→ Task to complete
The whole listing, pictures aside, should be reproduced exactly.
════
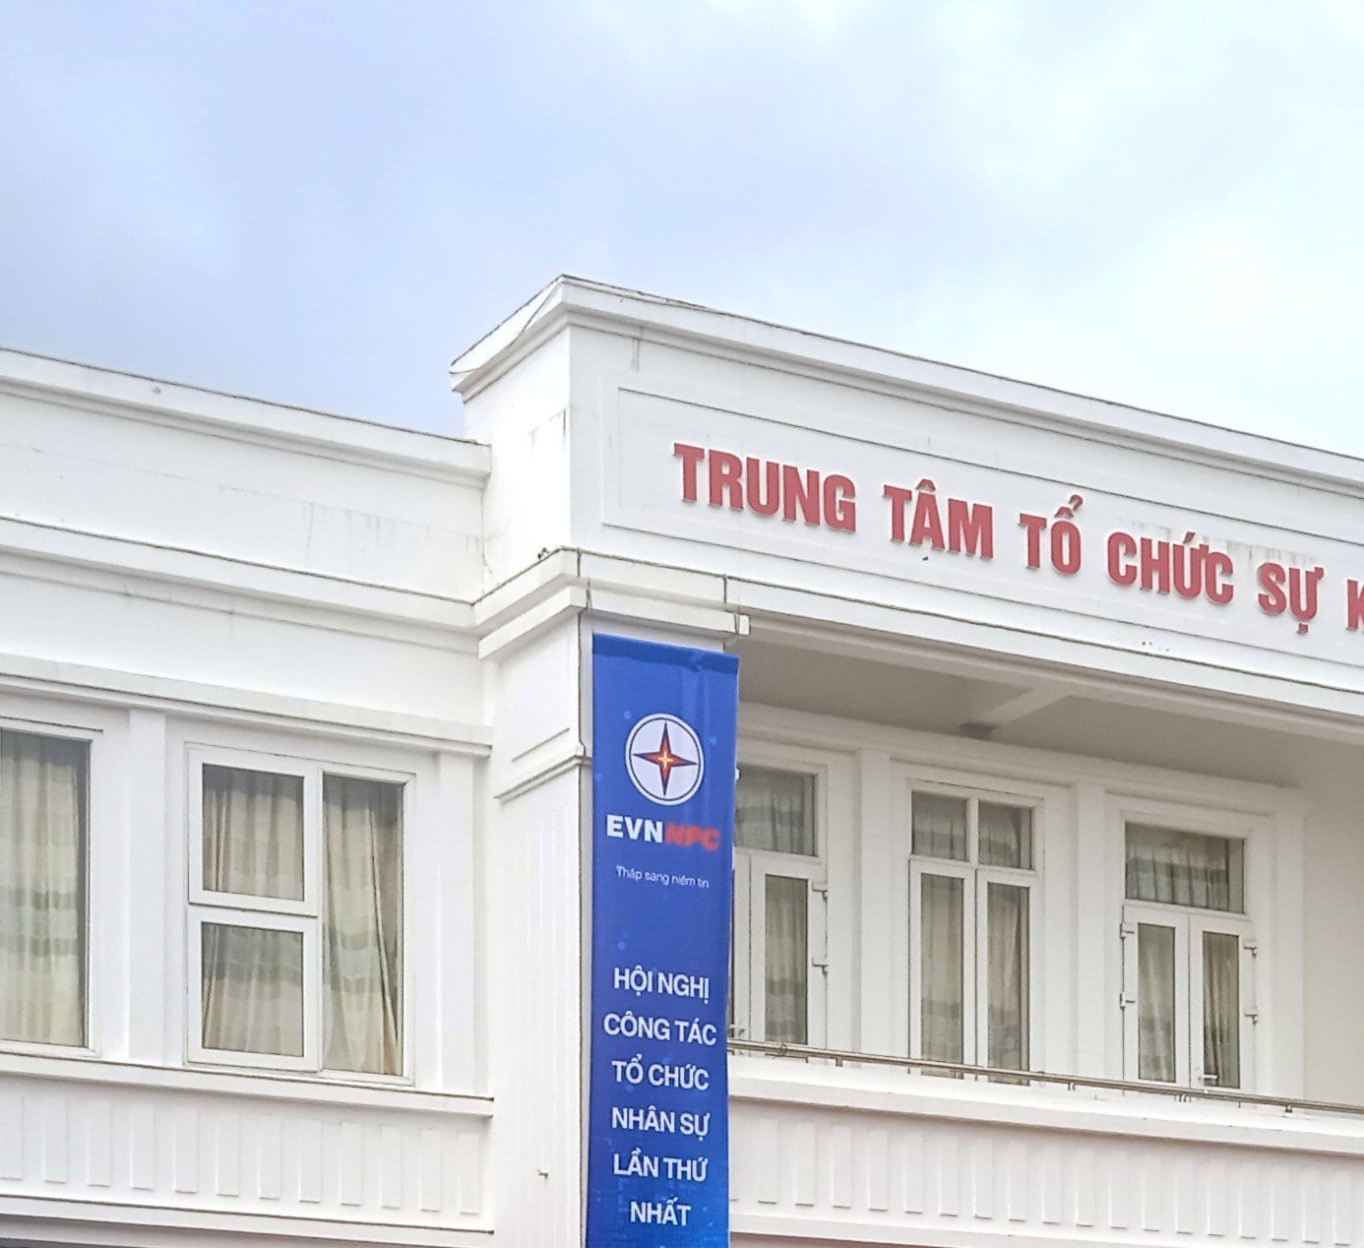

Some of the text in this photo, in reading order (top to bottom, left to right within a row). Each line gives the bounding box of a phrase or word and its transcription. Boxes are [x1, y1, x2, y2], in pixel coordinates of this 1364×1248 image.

[675, 444, 857, 532] TRUNG
[885, 480, 994, 558] TÂM
[1020, 495, 1082, 575] TỔ
[1107, 532, 1234, 604] CHỨC
[1259, 563, 1324, 632] SỰ
[614, 965, 709, 1004] HỘI NGHỊ
[604, 1011, 716, 1045] CÔNG TÁC
[612, 1054, 708, 1090] TỔ CHỨC
[612, 1105, 710, 1141] NHÂN SỰ
[614, 1148, 708, 1181] LẦN THỨ
[631, 1197, 691, 1225] NHẤT
════
→ Solution to this exercise
Some of the text in this photo, in reading order (top to bottom, left to right within a row). Each line gives the bounding box of a phrase or word and its transcription. Boxes are [x1, y1, x2, y2], in pixel coordinates of this 1364×1248 image.

[675, 444, 857, 532] TRUNG
[885, 480, 994, 558] TÂM
[1020, 495, 1082, 575] TỔ
[1107, 532, 1234, 604] CHỨC
[1259, 563, 1324, 632] SỰ
[614, 965, 709, 1004] HỘI NGHỊ
[604, 1011, 716, 1045] CÔNG TÁC
[612, 1054, 708, 1090] TỔ CHỨC
[612, 1105, 710, 1141] NHÂN SỰ
[614, 1148, 708, 1181] LẦN THỨ
[631, 1197, 691, 1225] NHẤT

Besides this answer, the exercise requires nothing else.